-- Opening Marker --
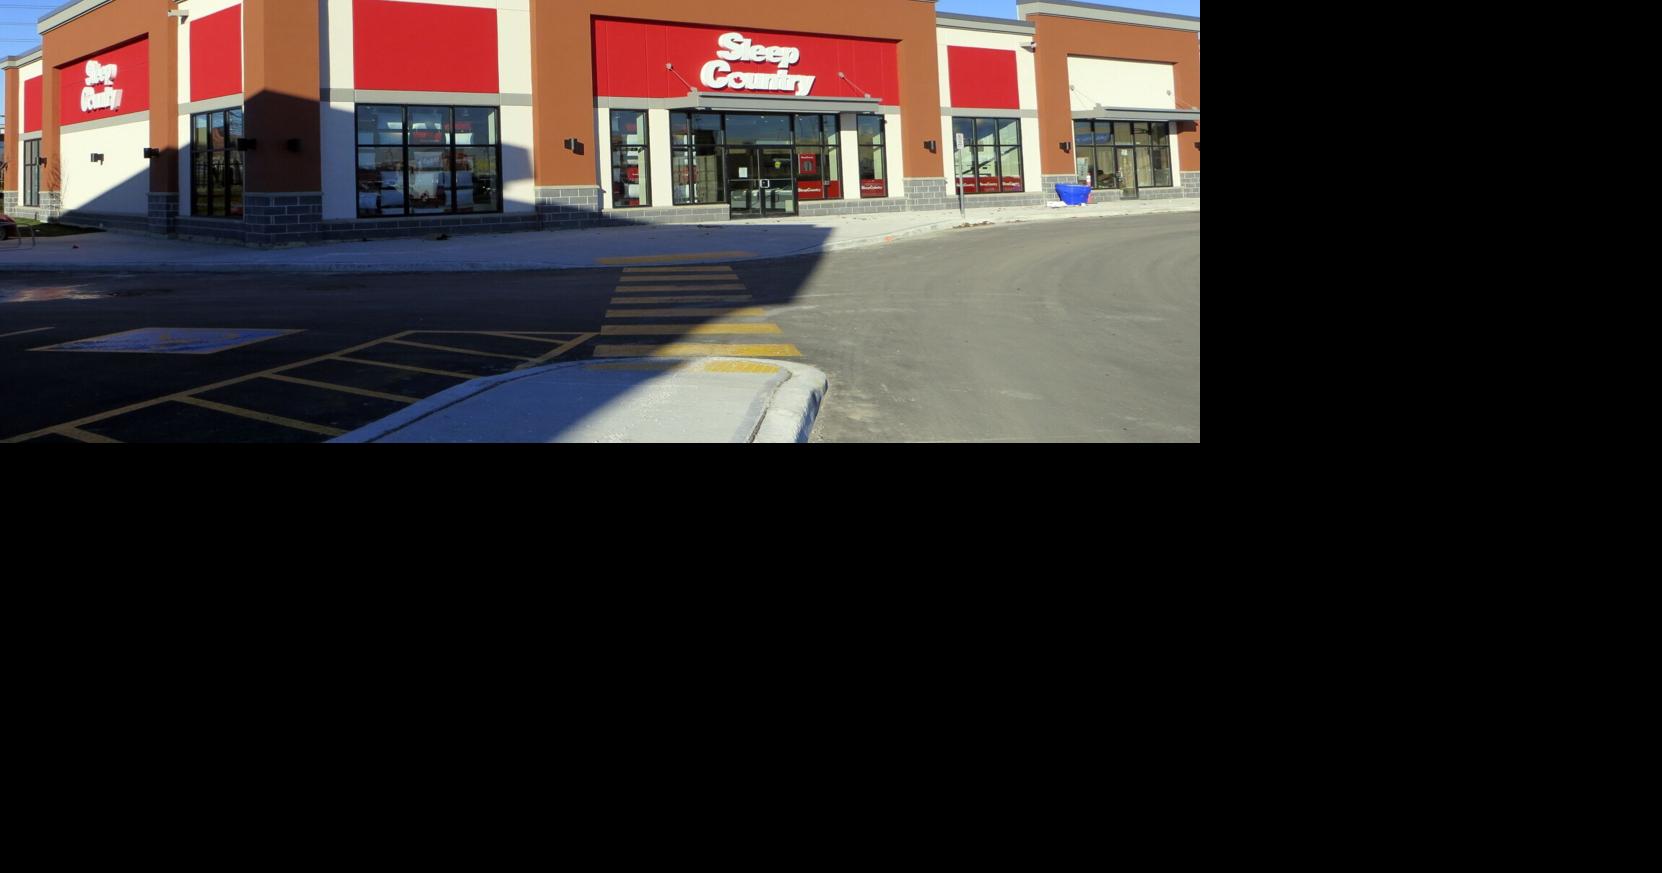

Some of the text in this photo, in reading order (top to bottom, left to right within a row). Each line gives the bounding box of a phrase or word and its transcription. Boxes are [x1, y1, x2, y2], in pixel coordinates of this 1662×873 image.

[716, 32, 800, 68] Sleep
[85, 60, 117, 85] Sleep
[700, 59, 816, 96] Country
[81, 86, 123, 112] Country
-- Closing Marker --
**TASK INSTRUCTIONS:** What is needed here is an exact transcript of the data above, pictures excluded.

**WRITTEN SOLUTION:**
Some of the text in this photo, in reading order (top to bottom, left to right within a row). Each line gives the bounding box of a phrase or word and its transcription. Boxes are [x1, y1, x2, y2], in pixel coordinates of this 1662×873 image.

[716, 32, 800, 68] Sleep
[85, 60, 117, 85] Sleep
[700, 59, 816, 96] Country
[81, 86, 123, 112] Country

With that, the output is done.